March 1, 2013
Four reasons the next U.S. budget crisis will be even worse
By Walter Hickey
27 February 2013 (Business Insider) – Sequestration will likely go through as scheduled, meaning that Congress has not acted on the first of three “mini-cliffs” that resulted from January’s fiscal cliff negotiation. The next mini-cliff, scheduled to hit on March 27, will absolutely require action. If events in Congress remain at a stalemate, the effects for the U.S. could be devastating. There are four major complications that make the March 27 mini-cliff even more perilous than the sequestration deadlock:
- The current continuing resolution — the bill that maintains the funding of the federal government in the absence of a new budget — is set to expire on March 27. Unless the GOP and the Democrats can come together to pass a new round of funding, the federal government will shut down.

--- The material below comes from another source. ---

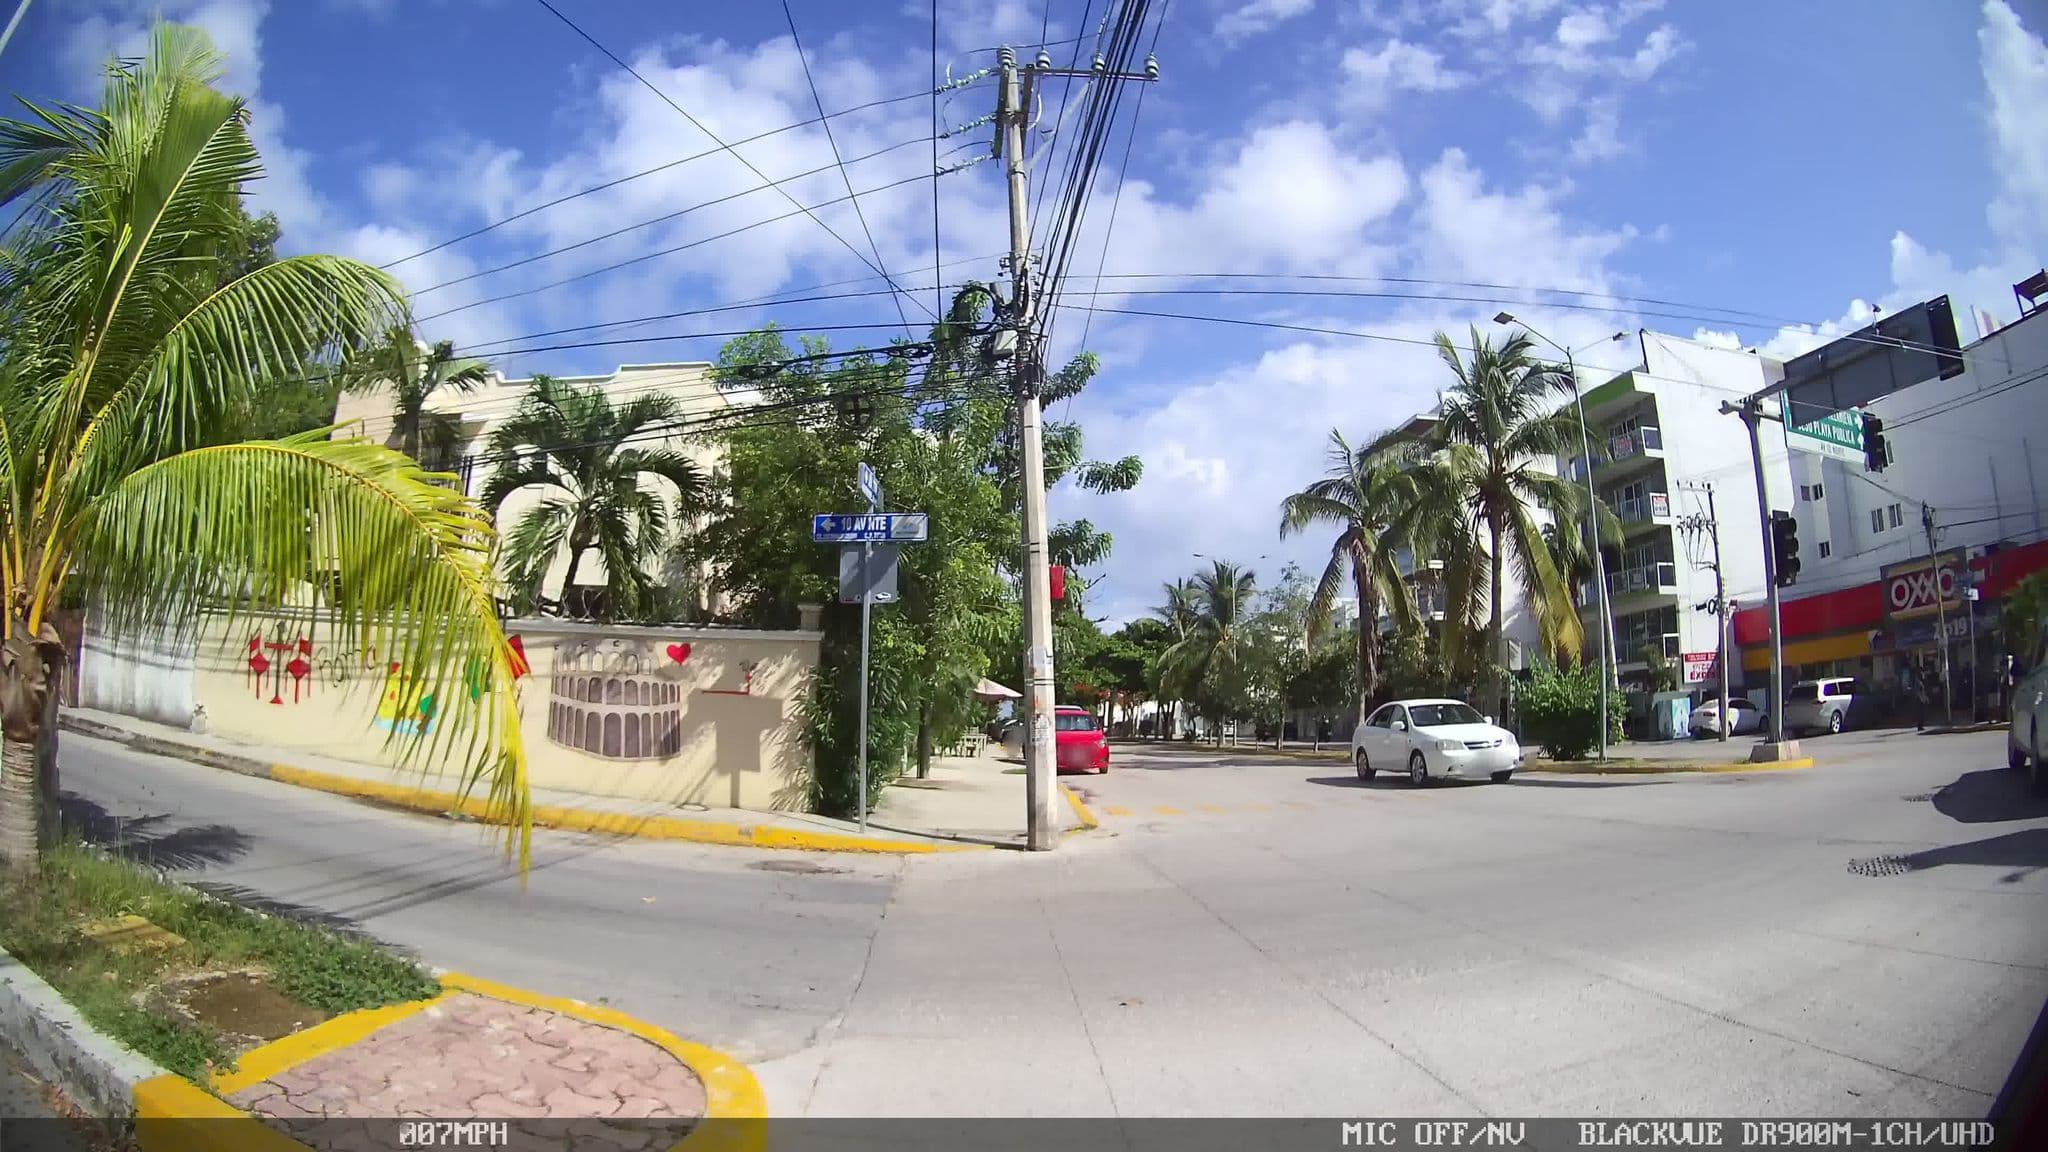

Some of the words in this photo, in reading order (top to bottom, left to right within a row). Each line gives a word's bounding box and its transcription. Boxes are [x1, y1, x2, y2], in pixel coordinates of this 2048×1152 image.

[842, 517, 852, 531] 10
[854, 517, 867, 531] AV
[868, 516, 887, 531] NTE
[1891, 568, 1955, 609] OXXO

- At the same time, Congress needs to deal with a second, smaller “little sequester.” In a January 24 letter to colleagues, Senate Budget Committee Chairwoman Patty Murray explained that as a result of budget shuffling in the fiscal cliff deal, the security side of the budget is $7 billion over the Budget Control Act cap. Should Congress fail to act, the military will suffer a second sequestration one-eighth the size of the full 2013 sequester.
- Meanwhile, Congress will still be debating ways that the full sequestration can be adapted to give more authority to federal managers to implement the cuts in a smart manner. Because of the need for a new continuing resolution the “real” deadline for a sequestration fix is effectively March 27.
- Finally, the deadline is not actually March 27, because Congress has scheduled its two week Easter recess around that date anyway. The House leaves town on Thursday the 21st of March, and the Senate is only in session until the next day. [more]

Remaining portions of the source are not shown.